What Hochul did not do was answer the question. If she had, she’d have had to contend with the studies of U.S. children that reach ambiguous conclusions about the efficacy of masking children in schools, and she might have had to address the fact that few other industrialized societies have imposed this burden on their children (with little observable effect on their respective case rates). Moreover, if the scientific justification for masking children is dubious, the legal justification for such a policy is nonexistent. That was the eminently reasonable finding of a state judge who determined that Hochul lacks the authority to implement such an order because New York’s legislature rescinded the emergency powers they provided her predecessor, Gov. Andrew Cuomo, last March. Voters deserve a more compelling rationale for mask mandates on children. Instead, they are derided as intemperate children for even daring to question their representatives.

 

This impulse has spilled over from the political class and infected the commentariat, too.

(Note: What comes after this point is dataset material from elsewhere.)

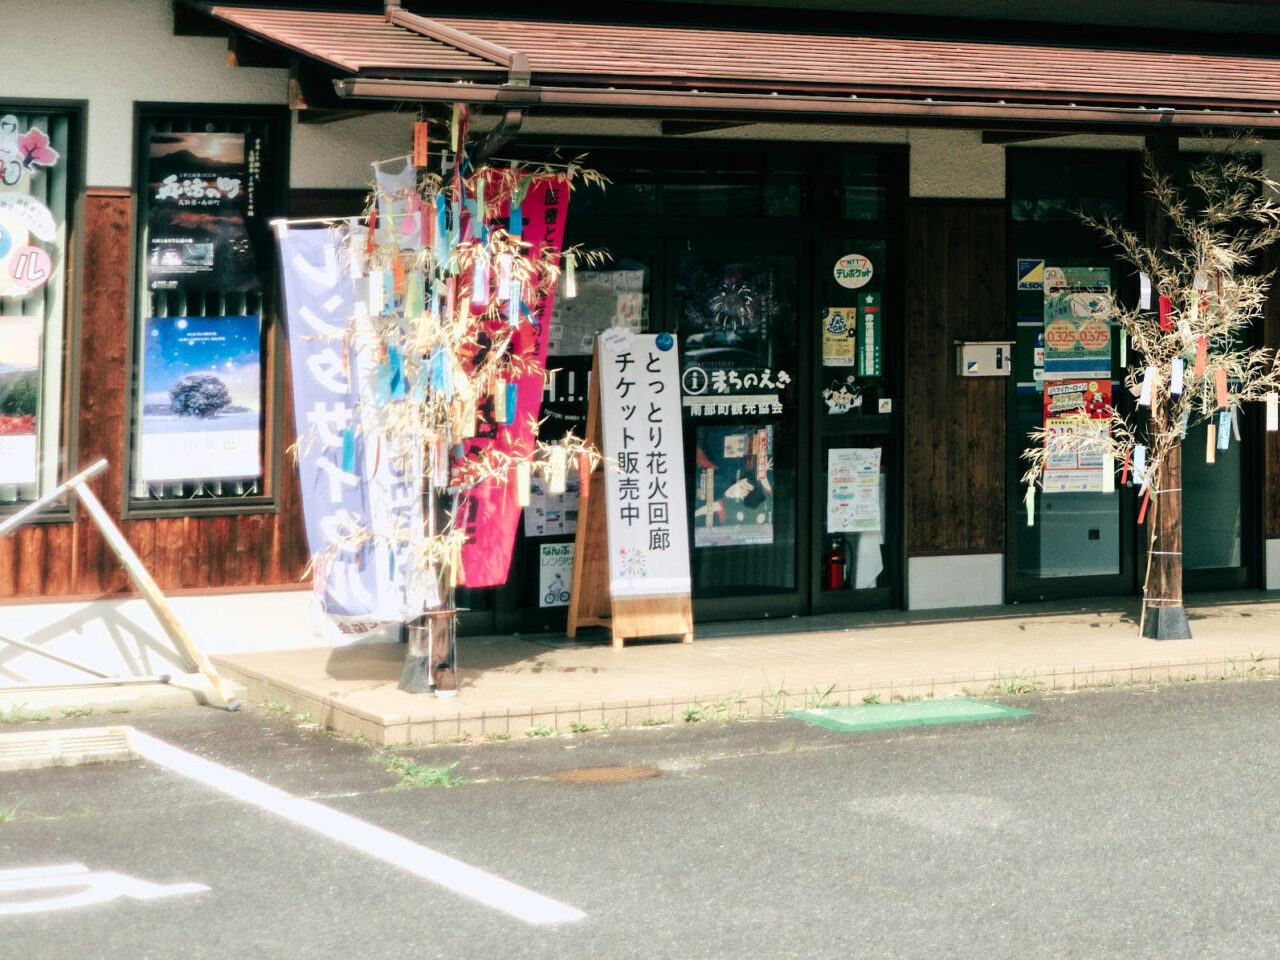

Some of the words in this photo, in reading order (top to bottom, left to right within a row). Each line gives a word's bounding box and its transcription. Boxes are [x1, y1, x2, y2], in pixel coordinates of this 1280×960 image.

In her latest article for the New York Times, opinion writer Michelle Goldberg scolds the Americans who are vaccinated, boosted, and “done” with the pandemic. What’s their problem anyway, she asks? “Even with Omicron around, there’s a fair bit of normality available, especially if you don’t have kids,” Goldberg writes. “Here in New York City, restaurants, bars, nightclubs and theaters are generally open, though shows are closing at the last minute when cast members fall ill. You can have a party or go on vacation.” What you can’t do, she adds, is force those with “vulnerabilities” to observe a less strict standard of social engagement, even if they can force you into that condition.

 

To summarize, you should not feel burdened by the persistence of pandemic-related mitigation measures because you can “generally” patronize most establishments, though in some cases you have to present identification and vaccination cards to access them (and woe to those who do not have a booster shot, which some businesses do not recognize as fully vaccinated). Indeed, you can party and vacation, as your freedoms of movement and association have not been circumscribed by your beneficent government. What more do you want?

 

Call me naïve, but if the Democratic Party’s argument for itself ahead of the midterms is “what is your problem exactly?” Democrats are probably going to lose. After all, that has been the approach they’ve taken in response to skeptics of Covid maximalism since late 2020, and they’ve been doing a lot of losing ever since. Now, Democrats are trying to argue voters out of their own experiences. The only thing more arrogant would be to believe it’s a strategy that could actually work.